Process X-ray Crystal Structures and Densities

This tutorial demonstrates how to prepare X-ray crystal structures and densities for simulation using the Automated WEMD Simulation and Best Structure Search Guided by Target CryoEM Map and Process X-ray Crystal Structures and Densities Floes.

You will work with two crystal structures of Adenylate Kinase (ADK) from the RCSB:

  • 4AKE: A homodimer crystal structure of the protein in the open state.

  • 1AKE: A monomer crystal structure of the protein in the closed state.

Prepare X-ray Crystal Structures

Prepare the proteins for simulation using the SPRUCE - Protein Preparation Floe.

Navigate to the Floe page to find the floe. From the Utility Floes package, select the SPRUCE - Protein Preparation Floe.

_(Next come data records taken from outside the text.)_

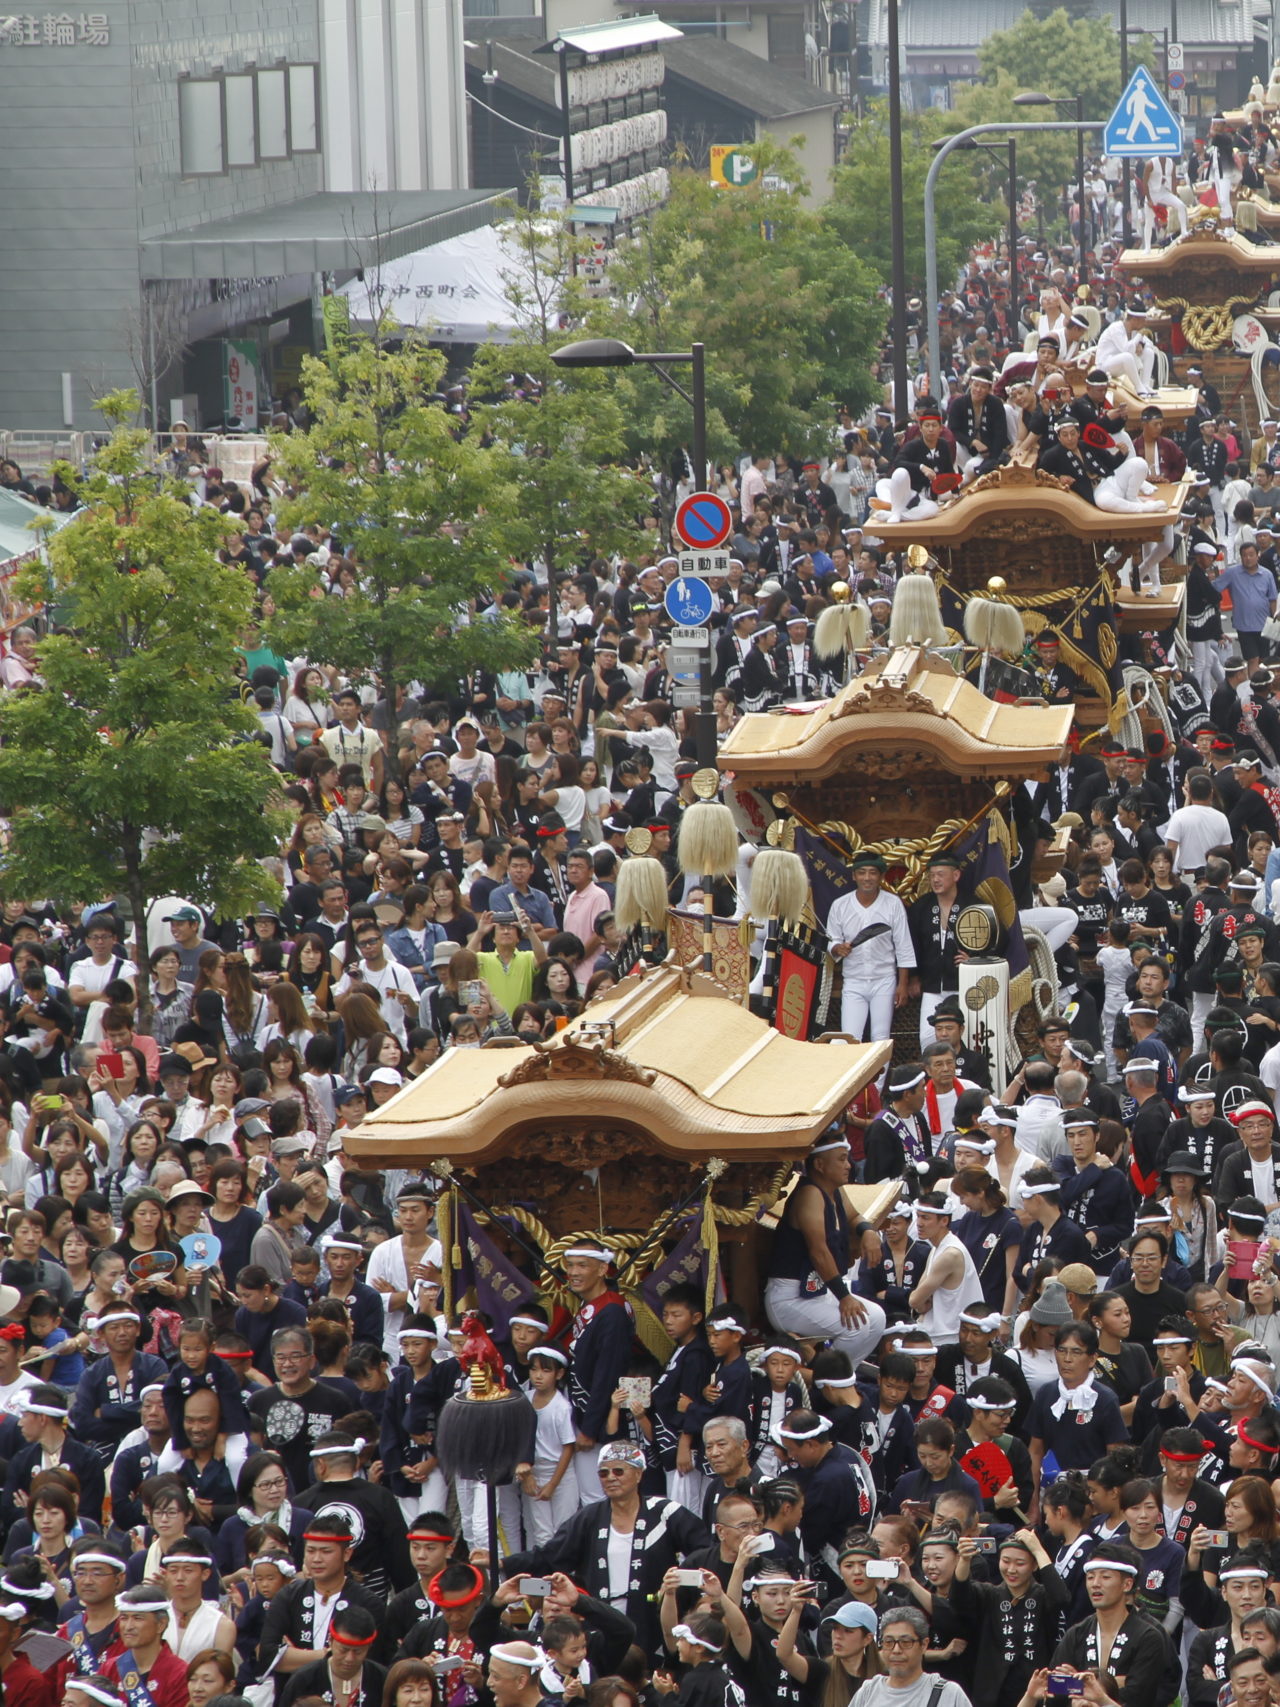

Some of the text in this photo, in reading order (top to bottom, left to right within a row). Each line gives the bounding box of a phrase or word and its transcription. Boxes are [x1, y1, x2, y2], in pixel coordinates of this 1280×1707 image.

[732, 154, 753, 183] P
[681, 557, 728, 572] 自動車
[1001, 1613, 1015, 1661] 小社之町
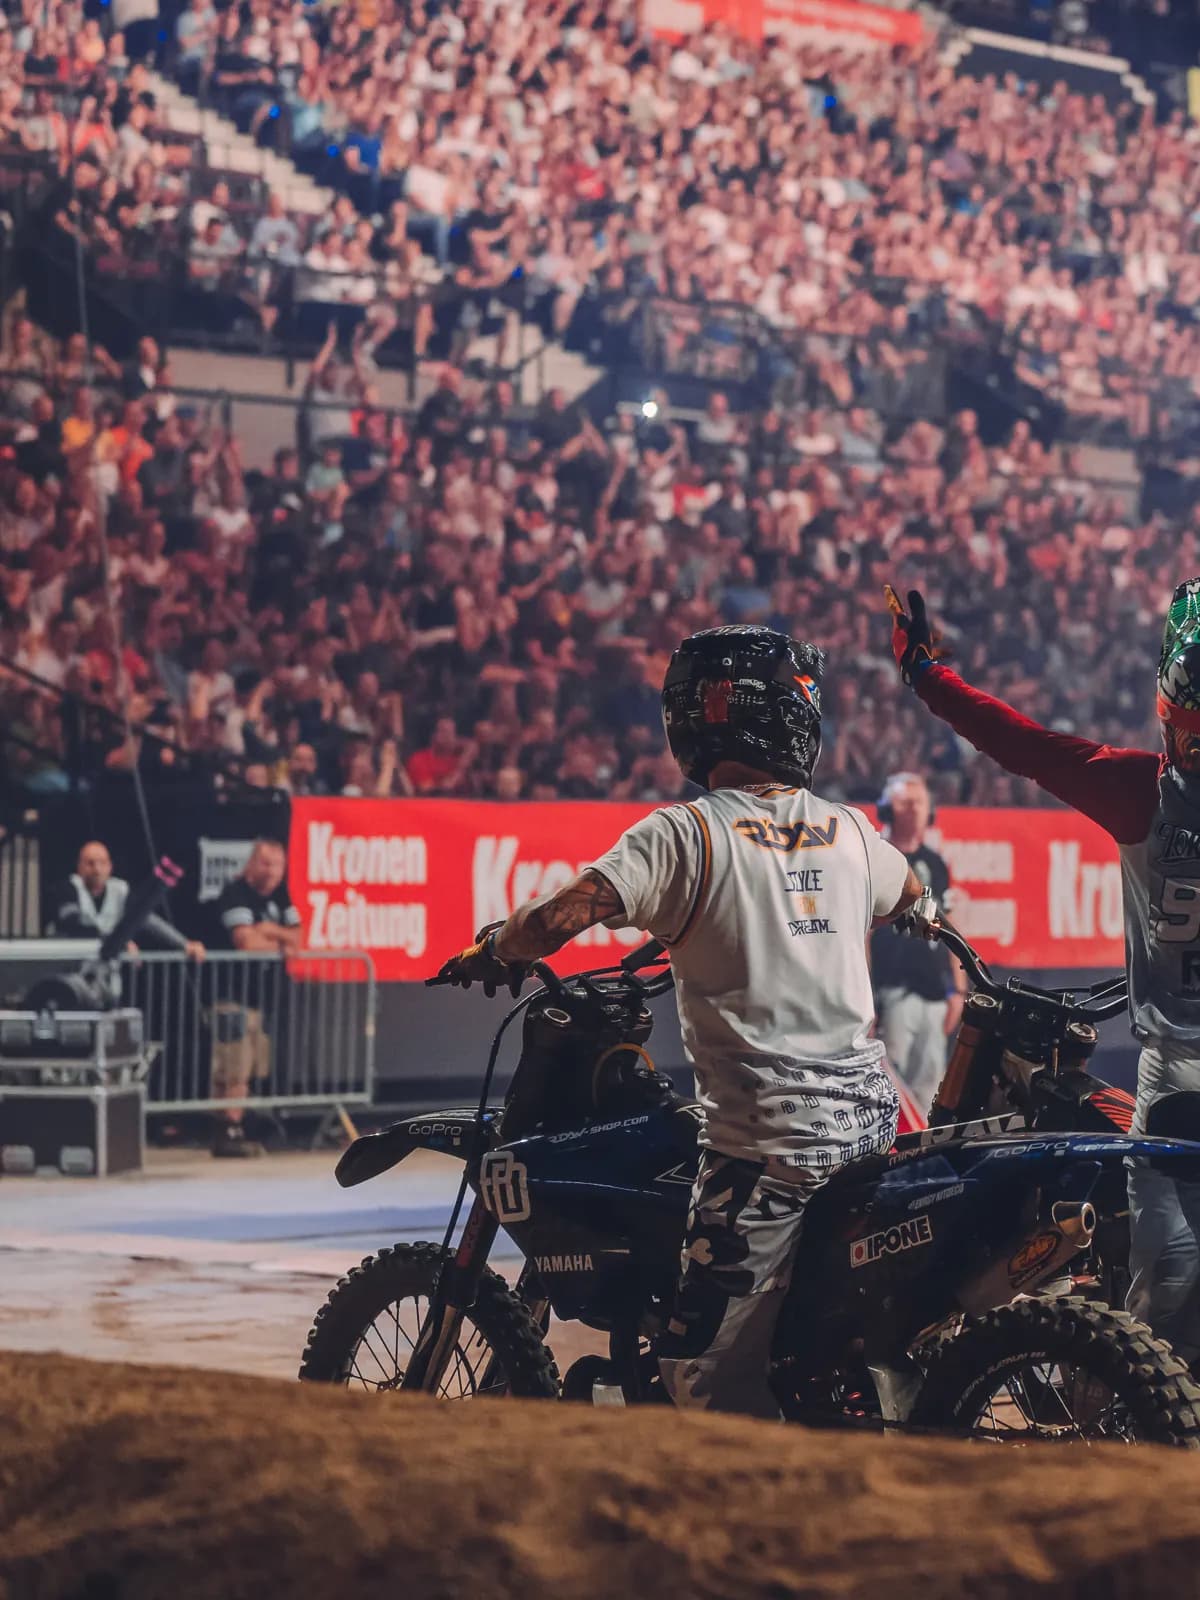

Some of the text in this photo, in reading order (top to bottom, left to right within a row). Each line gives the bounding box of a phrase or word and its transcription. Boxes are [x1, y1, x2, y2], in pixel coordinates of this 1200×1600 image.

[308, 821, 427, 884] Kronen
[1048, 840, 1124, 939] Kro
[308, 888, 427, 958] Zeitung
[408, 1123, 463, 1137] GoPro
[992, 1141, 1070, 1159] GoPro
[866, 1217, 931, 1259] IPONE
[535, 1254, 594, 1273] YAMAHA
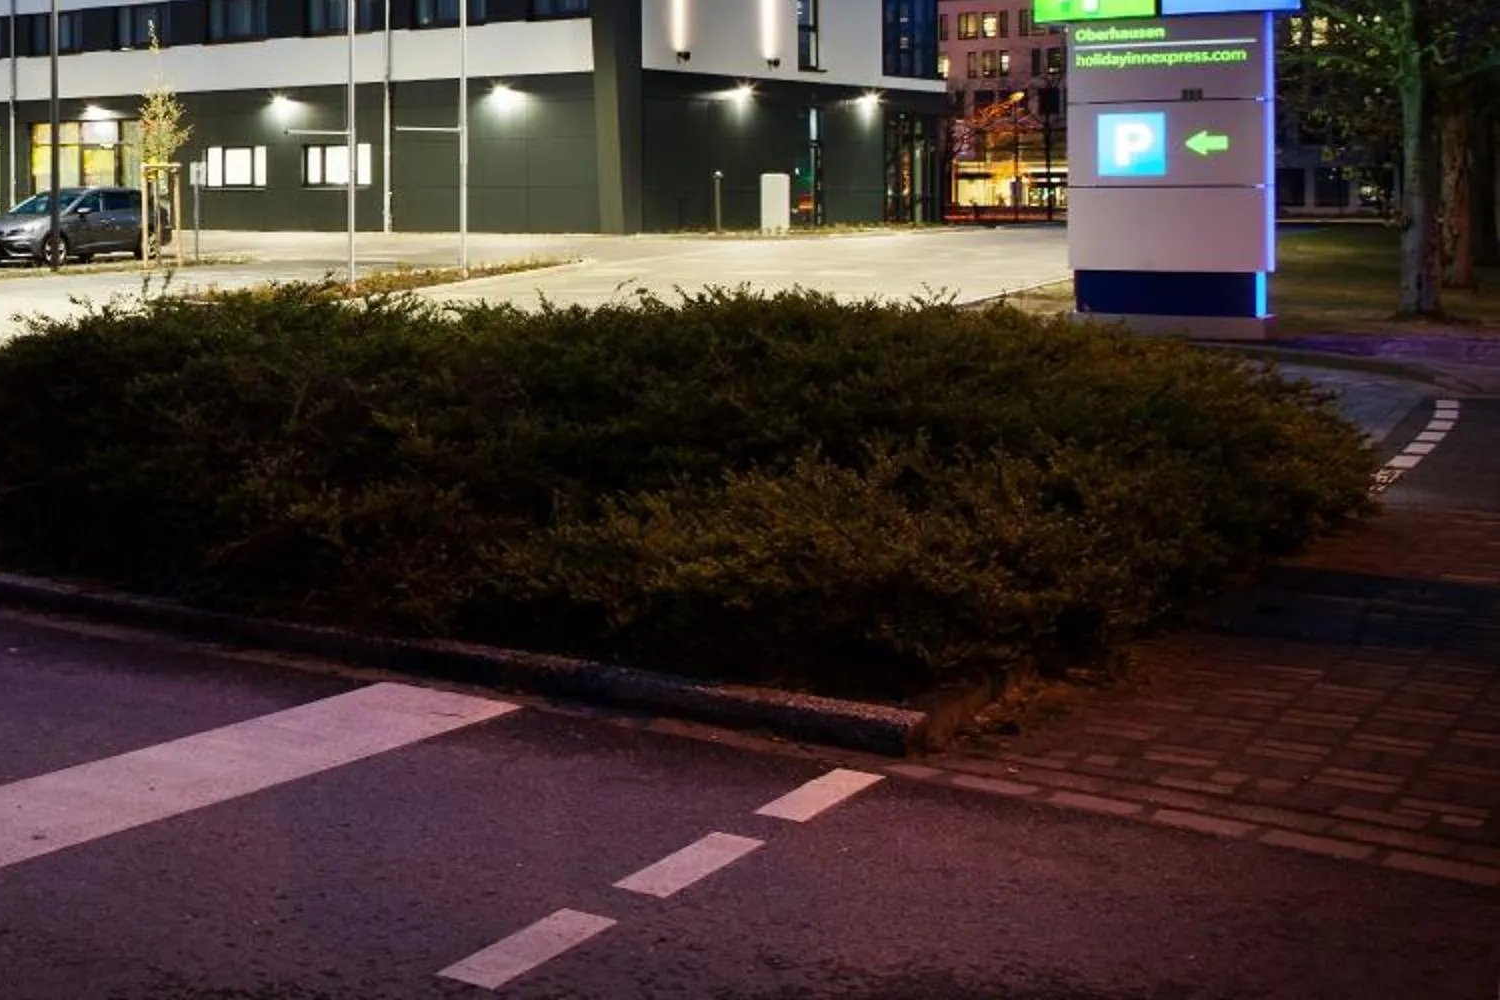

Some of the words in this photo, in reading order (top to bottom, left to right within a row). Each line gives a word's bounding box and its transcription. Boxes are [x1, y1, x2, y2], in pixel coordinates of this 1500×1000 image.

Click the “Launch Floe” button to bring up the Job Form.

  • Inputs: For the PDB Code(s) to Download parameter, enter “1AKE”.

  • Outputs: Toggle Output All Biological Units to On.

  • Click the “Start Job” button to begin the floe.

Next, run the SPRUCE - Protein Preparation Floe again for 4AKE. Because the crystal structure for 4AKE does not contain a ligand, an additional parameter is needed.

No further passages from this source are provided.